A custom-built canoe is the centerpiece of a special exhibit at Lower White River Museum State Park in Des Arc.

DES ARC -- The canoe on special exhibit at Lower White River Museum State Park is more than just a means of conveyance, although it has traveled the length of the storied Arkansas waterway.

The boat is a gorgeous work of art, handmade by Chris Engholm from cedar, maple and cherry woods. Sleek enough to qualify as a Cadillac of canoes, it even has a name, fondly bestowed by its creator. He calls it Ballad Hunter.

The canoe is the centerpiece of writer and photographer Engholm's "White River Memoirs" exhibition, at the museum for most of this year. An information panel provides his explanation of the vessel's name:

"The ballad hunters of old were musicologists like John and Alan Lomax who roamed the hills of the Appalachians and Ozarks in search of Old World melodies and lyrics still in use in the New World. A ballad hunter is a seeker of song and dramatic tales."

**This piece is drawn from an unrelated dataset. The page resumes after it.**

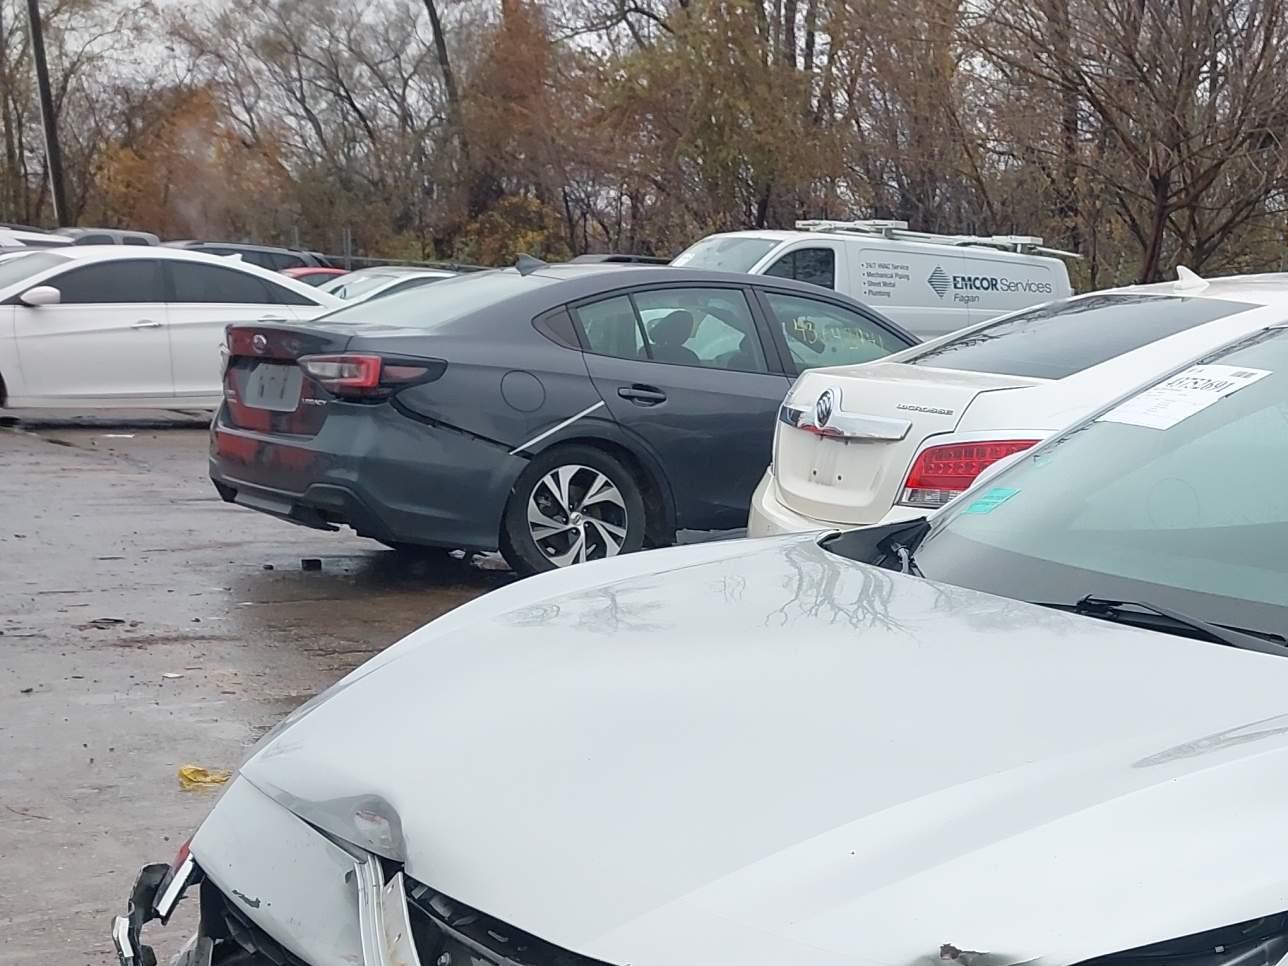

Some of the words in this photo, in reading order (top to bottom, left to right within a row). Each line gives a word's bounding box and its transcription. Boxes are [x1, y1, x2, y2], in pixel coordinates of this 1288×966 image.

As the museum's contents testify, there are plenty of dramatic tales to be spun about life along the lower White River since the first permanent European settlers showed up more than 200 years ago. The narratives tell of successes but also setbacks, leaving a sense that the best times around here came before the White River was tamed by dams after World War II.

In a posted comment written in 1892, German immigrant Hugo Preller told his wife, "There's no money in this country, but we could live off the fat of the land."

An information panel reports that "game was still plentiful here and the fishing spectacular. By 1915, a vibrant riverboat culture of trappers, shellers, fishers and loggers prospered along the lower river's bountiful shores. Vast quantities of fish and roe were shipped to St. Louis, Chicago and New York. The Delta became a main supplier of shell buttons as well as pearls.

"Sadly, this era began to fade after 1970 due to the ecological changes brought on by the dams upstream."

Another panel of lamentation describes the White River "endlessly meandering through a once impenetrable hardwood forest of hickory, oak and pine in the uplands, and tupelo and bald cypress swamp-forest in the bottoms."

This terrain is "the remnant of the 'Big Woods of Arkansas,' the scene of one of America's most regrettable ecological disasters. Over 7 million acres of bottom-land hardwood forest were razed here in the 1940s-'60s -- over 90 percent of this critical waterfowl refuge lost."

On a lighter note, the museum displays a photograph taken at a 1909 baseball game to raise funds for the Des Arc library. Lined up next to each other, the two amateur teams show a striking difference. The local newspaper reported the event under the headline "Fats vs. Leans":

"As has been arranged for, the fat and lean men of the city, having become enthused over baseball, chose sides and selected their men -- the fattest and leanest in town."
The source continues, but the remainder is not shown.